Jon: HAA???? HAA?????....... O ANO PANO NA SAN NA TAYO MAGKIKITA???
Me: Easy lng hehe, sa ER nlng sa Perps tayo mag-meet ok?
Jon: OK OK AALIS NAKO NGYON!

And the rest was....comedy.

It helps to read a lot during your pregnancy -- what would happen, when it might happen, and what it might feel like. So I felt that I wasn't completely in the dark, since I kinda knew what was going to happen to me, and though my expectation was really of normal delivery, I knew at the back of my head that an emergency Caesarian Section was always a possibility.

So I was basically apprehensive of 3 things:
1. Dextrose, since I have never experienced it (despite countless injections and blood tests)
2. The Epidural since I know it involves a biggie needle and the spine -- and that never sounds good together.
3. The contraction thingies, but since I'm going to have Epidural (see #2), then this could be cancelled out.

Well, the Dextrose and the Epidural turned out to be non-events. They weren't much different than the injections and blood tests I had to go through during my lifetime.

The contractions at 4-5cm were like my normal monthly pains. At 5cm, they gave me epidural already out of standard procedure. At 7-8cm, the first trial dose of epidural was wearing off, and my OB didn't want to give me more, which was ok since it was tolerable... until the 8-9cm, where I was already making "sheeshing" sounds because I was trying to tolerate the pain and at the same time begging to have a teensy weensy dose even just to lessen it. They eventually gave me a partial dose again -- and as I was about to give birth at 10cm, I could still feel the contractions so I was able to push EJ out despite having his cord coiled twice around his neck.

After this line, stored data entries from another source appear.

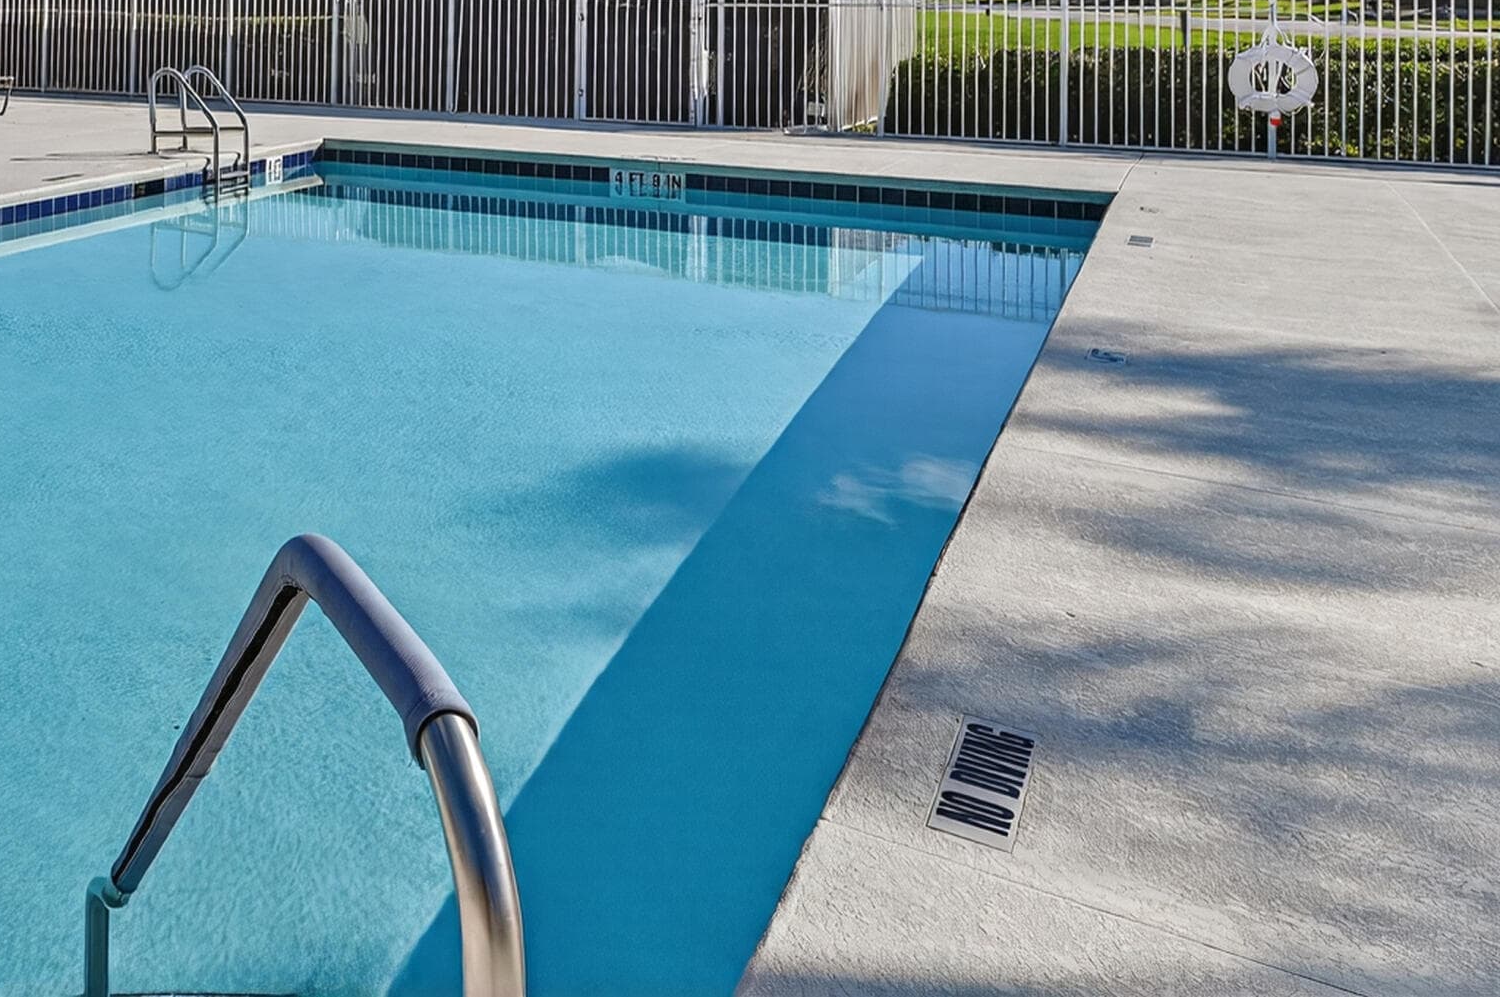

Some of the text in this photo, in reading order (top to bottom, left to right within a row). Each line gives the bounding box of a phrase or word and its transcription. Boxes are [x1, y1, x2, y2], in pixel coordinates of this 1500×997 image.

[667, 174, 682, 190] IN
[936, 723, 1035, 837] NO DIVING
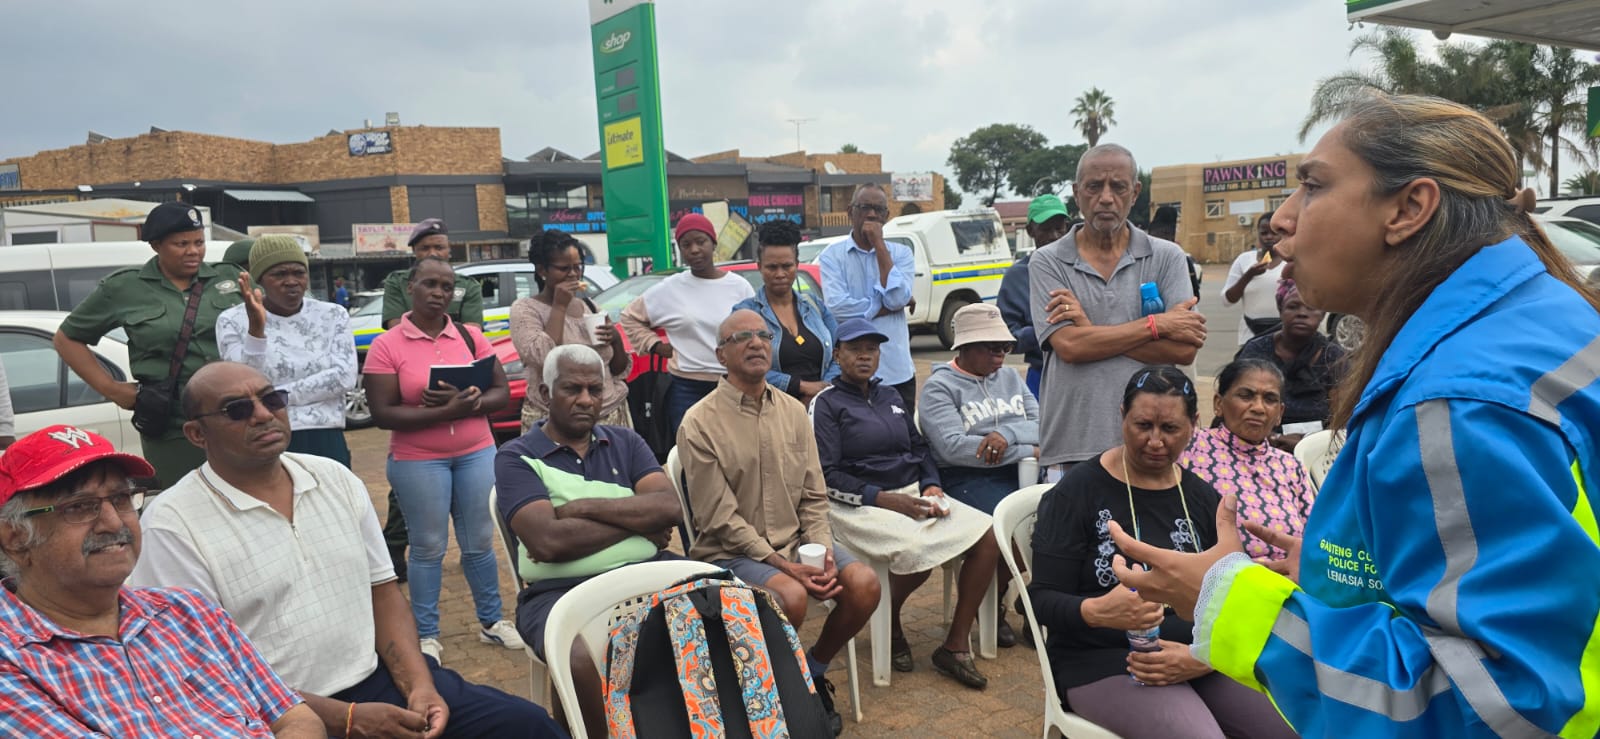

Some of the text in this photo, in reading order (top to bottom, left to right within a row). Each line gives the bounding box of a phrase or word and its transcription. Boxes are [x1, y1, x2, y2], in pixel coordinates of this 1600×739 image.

[604, 31, 631, 49] shop
[1205, 168, 1243, 183] PAWN
[1246, 162, 1285, 180] KING
[961, 394, 1027, 433] HICAG
[1320, 539, 1352, 558] GAUTENG
[1328, 555, 1359, 571] POLICE
[1327, 568, 1384, 590] LENASIA SO

I DID say the rest was comedy, right?

As posted in my Facebook account, here are some quotable quotes during delivery (yes, I was awake and sane the whole time):


"Inhale, exhale... Inhale, exhale... Inhale, exhale..hold it... PUUUUSH!!!! (Counting) 1...2....3...4...5...6...7...8...9..10" (imagine having to push like that for 10 counts!)

"Push para kang nac-CR!" (for 10 counts!!)

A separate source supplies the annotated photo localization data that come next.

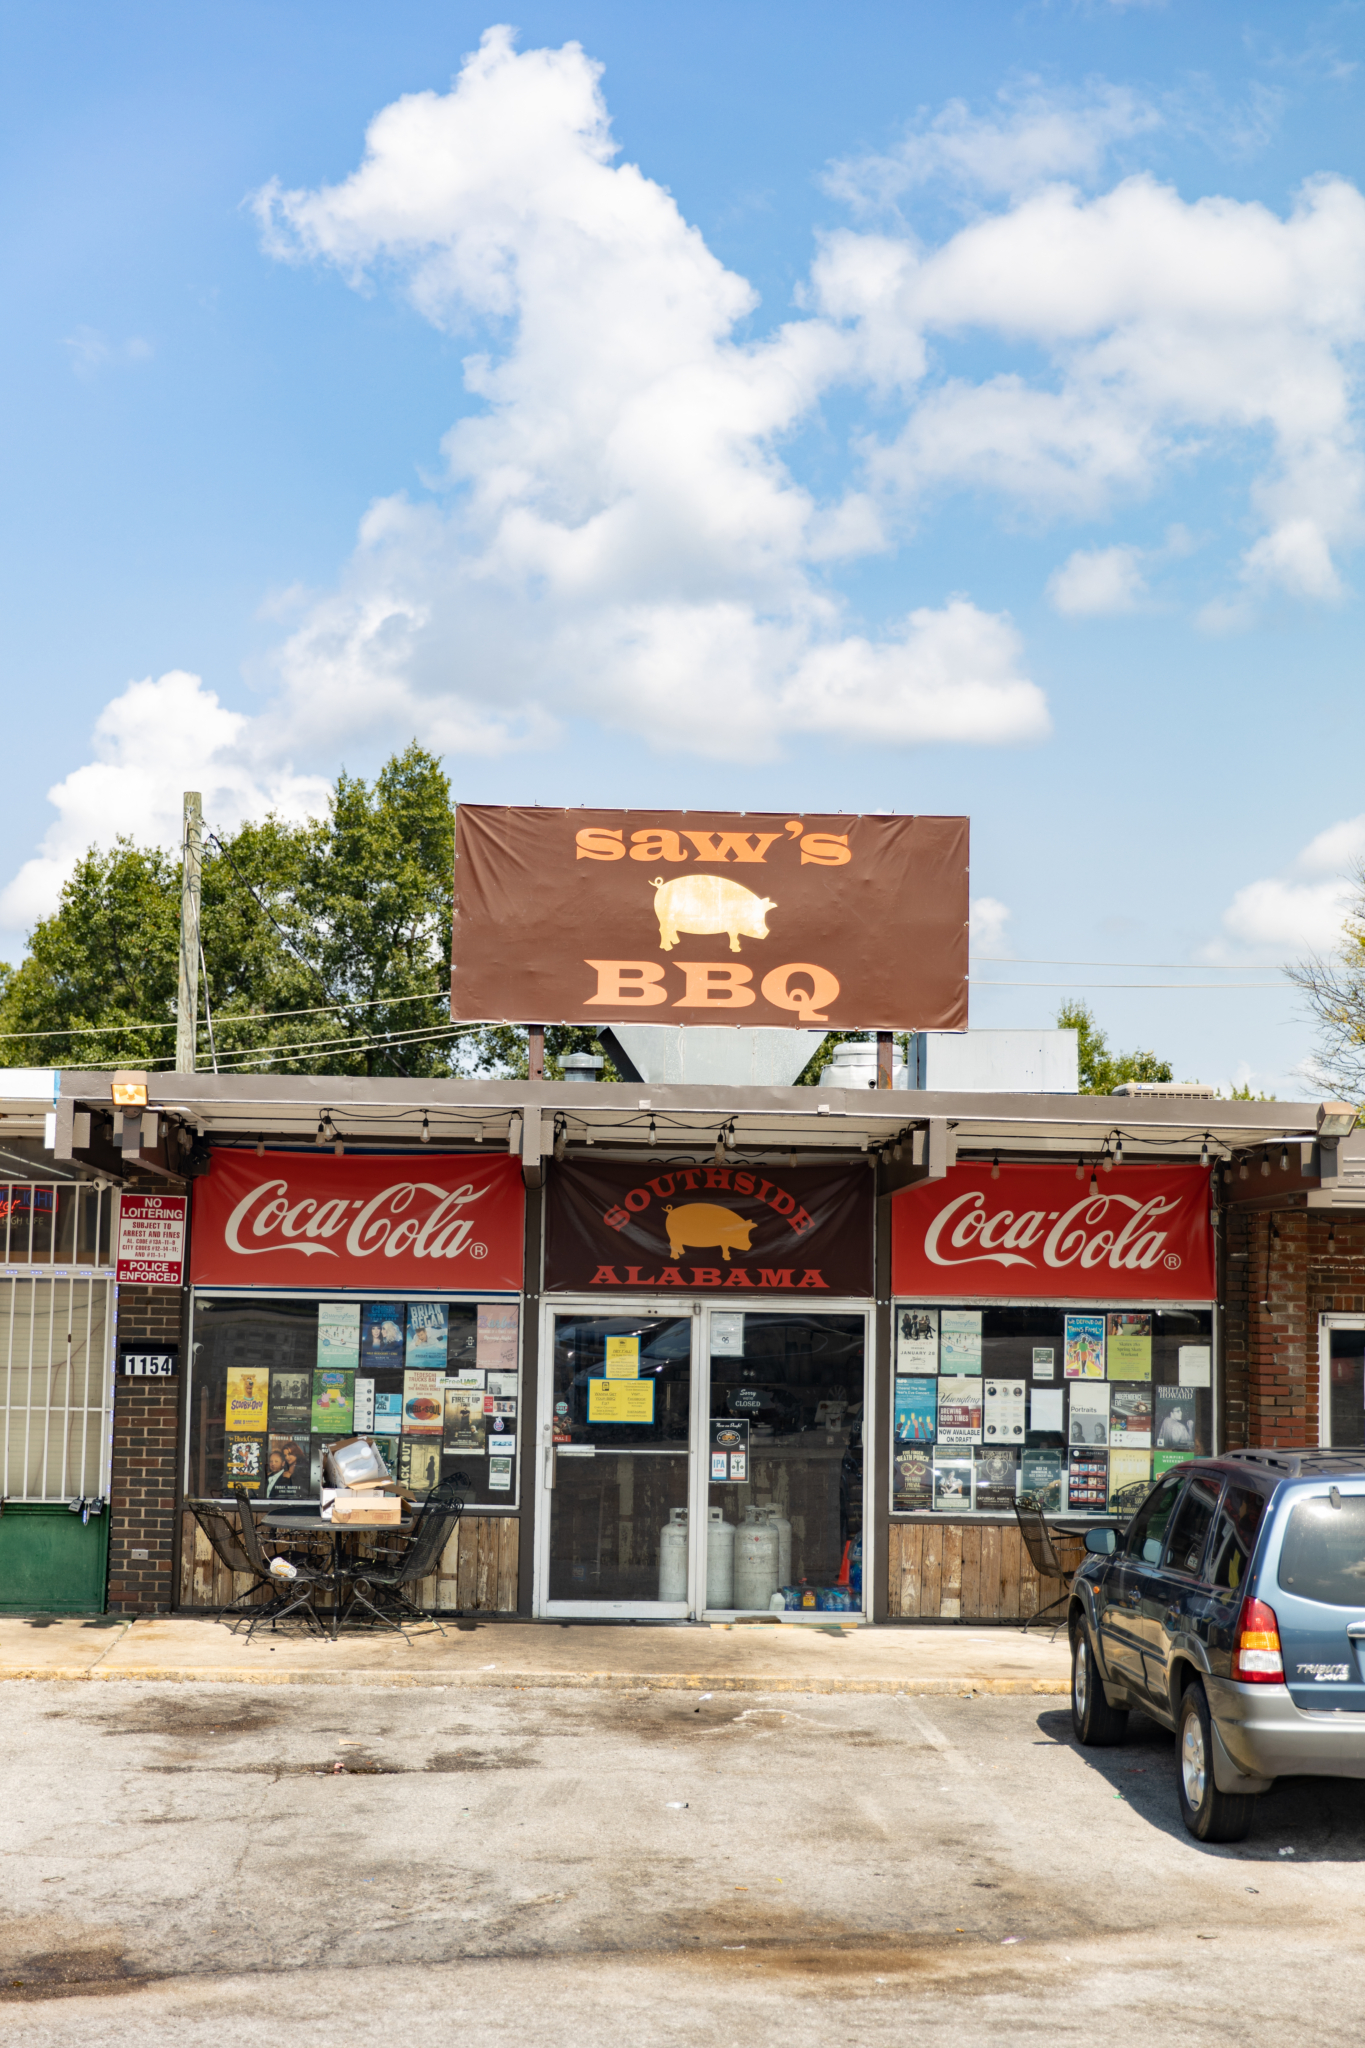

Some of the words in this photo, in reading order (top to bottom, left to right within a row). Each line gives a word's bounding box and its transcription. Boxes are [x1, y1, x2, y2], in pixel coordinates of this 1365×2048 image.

[575, 821, 852, 866] saw's
[582, 959, 841, 1022] BBQ
[144, 1198, 163, 1208] NO
[603, 1168, 816, 1236] SOUTHSIDE
[122, 1207, 183, 1220] LOITERING
[224, 1179, 491, 1258] Coca-Cola
[1, 1216, 23, 1225] HGH
[132, 1221, 161, 1230] SUBJECT
[163, 1222, 172, 1230] TO
[122, 1229, 147, 1238] ARREST
[924, 1191, 1183, 1269] Coca-Cola
[130, 1261, 170, 1272] POLICE
[119, 1270, 180, 1282] ENFORCED
[589, 1265, 831, 1288] ALABAMA
[410, 1304, 442, 1319] BRIAN
[411, 1312, 445, 1330] REGAN
[1085, 1326, 1104, 1335] FAMILY
[128, 1356, 171, 1375] 1154
[1158, 1386, 1195, 1394] BRITTANY
[938, 1391, 981, 1405] Yuengling
[1159, 1392, 1193, 1400] HOWARD
[424, 1403, 441, 1416] SOUL
[940, 1407, 962, 1415] BREWING
[1070, 1406, 1098, 1414] Portraits
[940, 1414, 954, 1422] GOOD
[954, 1414, 969, 1422] TIMES
[402, 1442, 411, 1462] OUT
[713, 1459, 726, 1469] IPA
[912, 1454, 930, 1463] PUNCH
[1296, 1663, 1350, 1674] TRIBUTE

In the middle of everything
Me: "Ok ok isipin ko nlng constipated ako!"
Them: "Oo, isipin mo constipated ka!"

"IRIS! Bakit namumula ang mukha mo?? Ang force mo dapat sa pwet, hindi sa mukha! Hindi jan lalabas ang baby mo!"

"Hala lumalabas na litid mo sa leeg... push sa pwet! Sa pwet!"

Me asking my Anaesthesiologist after seeing EJ:
"Doc, baby ko un diba?"
DOC: "Ewan ko sayo, bsta nakita ko lumabas cya jan kanina!"

Hahahahaha!

So at 02:25 a.m. March 03, 2010, Ev Joaquin D. Capistrano was born via Normal Delivery.

And so the saga continues...

The first few days literally turned our worlds upside down. Everything -- our schedules, our sleep, our mealtimes, even our bathroom breaks were erratic. One cry from the little guy sends four adults into a frenzy on what to do -- nappy change? milk? water? burp? cuddle?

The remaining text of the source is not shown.